Demolition of The Palace of Auburn Hills End of an Era for Pistons

The Palace of Auburn Hills, home of the Detroit Pistons

The end of an era came Saturday morning when one of the NBA’s most iconic arenas was demolished.

The Palace of Auburn Hills was home to the Detroit Pistons for almost 30 years and their three NBA titles in 1989, 1990, and 2004.

The Palace held its final game in 2017, and hosted crowds of 22,000 for basketball and 23,000 for concerts.

The implosion of the building came at 8 a.m. with 800 pounds of explosives bringing the proud stadium down to mere rubble within seconds.

Several hundred spectators gathered to watch the building fall.

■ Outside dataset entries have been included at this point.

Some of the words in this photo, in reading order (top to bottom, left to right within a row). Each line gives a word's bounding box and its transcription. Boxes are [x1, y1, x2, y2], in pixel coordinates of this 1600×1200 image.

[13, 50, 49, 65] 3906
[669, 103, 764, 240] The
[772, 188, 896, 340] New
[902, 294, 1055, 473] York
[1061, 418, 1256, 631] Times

Stephanie Carroll, manager of business development and community relations for Auburn Hills, stated that crews will spend months cleaning up the debris and filling in the hole in the ground.

The space will be turned into offices for research and technology.

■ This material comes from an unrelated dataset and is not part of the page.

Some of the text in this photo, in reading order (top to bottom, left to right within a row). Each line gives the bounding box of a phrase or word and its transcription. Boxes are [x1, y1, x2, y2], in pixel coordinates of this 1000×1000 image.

The Palace will be best remembered for the “Bad Boy” Pistons back to back titles in 1989 and 1990.

In those playoffs, the Pistons beat the likes of Larry Bird’s Celtics, and Michael Jordon’s Bulls in the Eastern Conference finals two years in a row.

The Palace was also known for the most infamous brawl in NBA history, the “Malice at the Palace.”

On November 19, 2004, with just over 45 seconds left in the game, the Indiana Pacers and Pistons got in a fight which quickly moved into the stands with players trading blows with fans.

The Pistons moved to the newer Little Caesars Arena in Downtown Detroit in 2017.

The Palace was located about 30 miles northwest of the city, and the final event held there was a Bob Seger concert in September 2017.

The Detroit Shock, led by four-time All-Star Swin Cash, won three titles here in 2003, 2006, and 2008.

The Shock relocated to Tulsa, Oklahoma for five years before settling in Arlington, Texas, and becoming the Dallas Wings for the 2016 season.

The Detroit Pistons now struggle to find any success close to what they had while being in Auburn Hills.